INSTRUCTIONS FOR THE TASK | Produce an exact transcript of all the records.

════

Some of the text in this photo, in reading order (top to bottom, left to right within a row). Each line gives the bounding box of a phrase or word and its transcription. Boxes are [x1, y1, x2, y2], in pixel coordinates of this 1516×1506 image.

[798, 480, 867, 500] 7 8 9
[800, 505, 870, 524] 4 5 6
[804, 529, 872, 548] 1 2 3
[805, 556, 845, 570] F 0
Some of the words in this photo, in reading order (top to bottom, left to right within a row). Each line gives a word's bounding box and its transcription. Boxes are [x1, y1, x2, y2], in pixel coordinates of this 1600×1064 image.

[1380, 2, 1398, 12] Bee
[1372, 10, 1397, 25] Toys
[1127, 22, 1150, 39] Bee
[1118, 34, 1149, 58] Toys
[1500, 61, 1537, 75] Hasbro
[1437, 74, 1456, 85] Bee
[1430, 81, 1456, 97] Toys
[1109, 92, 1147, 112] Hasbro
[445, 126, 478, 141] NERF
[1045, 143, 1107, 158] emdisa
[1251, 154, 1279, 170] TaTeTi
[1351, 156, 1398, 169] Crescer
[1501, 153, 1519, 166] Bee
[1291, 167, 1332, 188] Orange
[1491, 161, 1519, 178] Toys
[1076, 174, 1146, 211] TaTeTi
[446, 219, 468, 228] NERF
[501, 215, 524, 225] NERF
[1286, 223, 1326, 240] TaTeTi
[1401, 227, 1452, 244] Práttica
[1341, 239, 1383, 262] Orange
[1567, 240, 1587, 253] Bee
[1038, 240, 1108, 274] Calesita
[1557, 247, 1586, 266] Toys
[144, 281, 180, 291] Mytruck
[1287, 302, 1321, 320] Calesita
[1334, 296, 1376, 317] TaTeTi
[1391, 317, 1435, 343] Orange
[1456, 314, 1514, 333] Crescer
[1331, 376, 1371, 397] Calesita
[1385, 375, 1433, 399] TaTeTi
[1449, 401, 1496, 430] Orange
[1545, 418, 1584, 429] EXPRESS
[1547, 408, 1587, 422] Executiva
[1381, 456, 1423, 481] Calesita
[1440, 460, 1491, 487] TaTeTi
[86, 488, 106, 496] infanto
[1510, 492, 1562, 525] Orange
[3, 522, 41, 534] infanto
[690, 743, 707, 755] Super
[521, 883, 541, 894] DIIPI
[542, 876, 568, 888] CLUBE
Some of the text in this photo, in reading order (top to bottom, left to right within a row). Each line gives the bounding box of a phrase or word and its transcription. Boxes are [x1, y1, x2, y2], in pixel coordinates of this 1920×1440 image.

════

OUTPUT |
Some of the text in this photo, in reading order (top to bottom, left to right within a row). Each line gives the bounding box of a phrase or word and its transcription. Boxes are [x1, y1, x2, y2], in pixel coordinates of this 1516×1506 image.

[798, 480, 867, 500] 7 8 9
[800, 505, 870, 524] 4 5 6
[804, 529, 872, 548] 1 2 3
[805, 556, 845, 570] F 0
Some of the words in this photo, in reading order (top to bottom, left to right within a row). Each line gives a word's bounding box and its transcription. Boxes are [x1, y1, x2, y2], in pixel coordinates of this 1600×1064 image.

[1380, 2, 1398, 12] Bee
[1372, 10, 1397, 25] Toys
[1127, 22, 1150, 39] Bee
[1118, 34, 1149, 58] Toys
[1500, 61, 1537, 75] Hasbro
[1437, 74, 1456, 85] Bee
[1430, 81, 1456, 97] Toys
[1109, 92, 1147, 112] Hasbro
[445, 126, 478, 141] NERF
[1045, 143, 1107, 158] emdisa
[1251, 154, 1279, 170] TaTeTi
[1351, 156, 1398, 169] Crescer
[1501, 153, 1519, 166] Bee
[1291, 167, 1332, 188] Orange
[1491, 161, 1519, 178] Toys
[1076, 174, 1146, 211] TaTeTi
[446, 219, 468, 228] NERF
[501, 215, 524, 225] NERF
[1286, 223, 1326, 240] TaTeTi
[1401, 227, 1452, 244] Práttica
[1341, 239, 1383, 262] Orange
[1567, 240, 1587, 253] Bee
[1038, 240, 1108, 274] Calesita
[1557, 247, 1586, 266] Toys
[144, 281, 180, 291] Mytruck
[1287, 302, 1321, 320] Calesita
[1334, 296, 1376, 317] TaTeTi
[1391, 317, 1435, 343] Orange
[1456, 314, 1514, 333] Crescer
[1331, 376, 1371, 397] Calesita
[1385, 375, 1433, 399] TaTeTi
[1449, 401, 1496, 430] Orange
[1545, 418, 1584, 429] EXPRESS
[1547, 408, 1587, 422] Executiva
[1381, 456, 1423, 481] Calesita
[1440, 460, 1491, 487] TaTeTi
[86, 488, 106, 496] infanto
[1510, 492, 1562, 525] Orange
[3, 522, 41, 534] infanto
[690, 743, 707, 755] Super
[521, 883, 541, 894] DIIPI
[542, 876, 568, 888] CLUBE
Some of the text in this photo, in reading order (top to bottom, left to right within a row). Each line gives the bounding box of a phrase or word and its transcription. Boxes are [x1, y1, x2, y2], in pixel coordinates of this 1920×1440 image.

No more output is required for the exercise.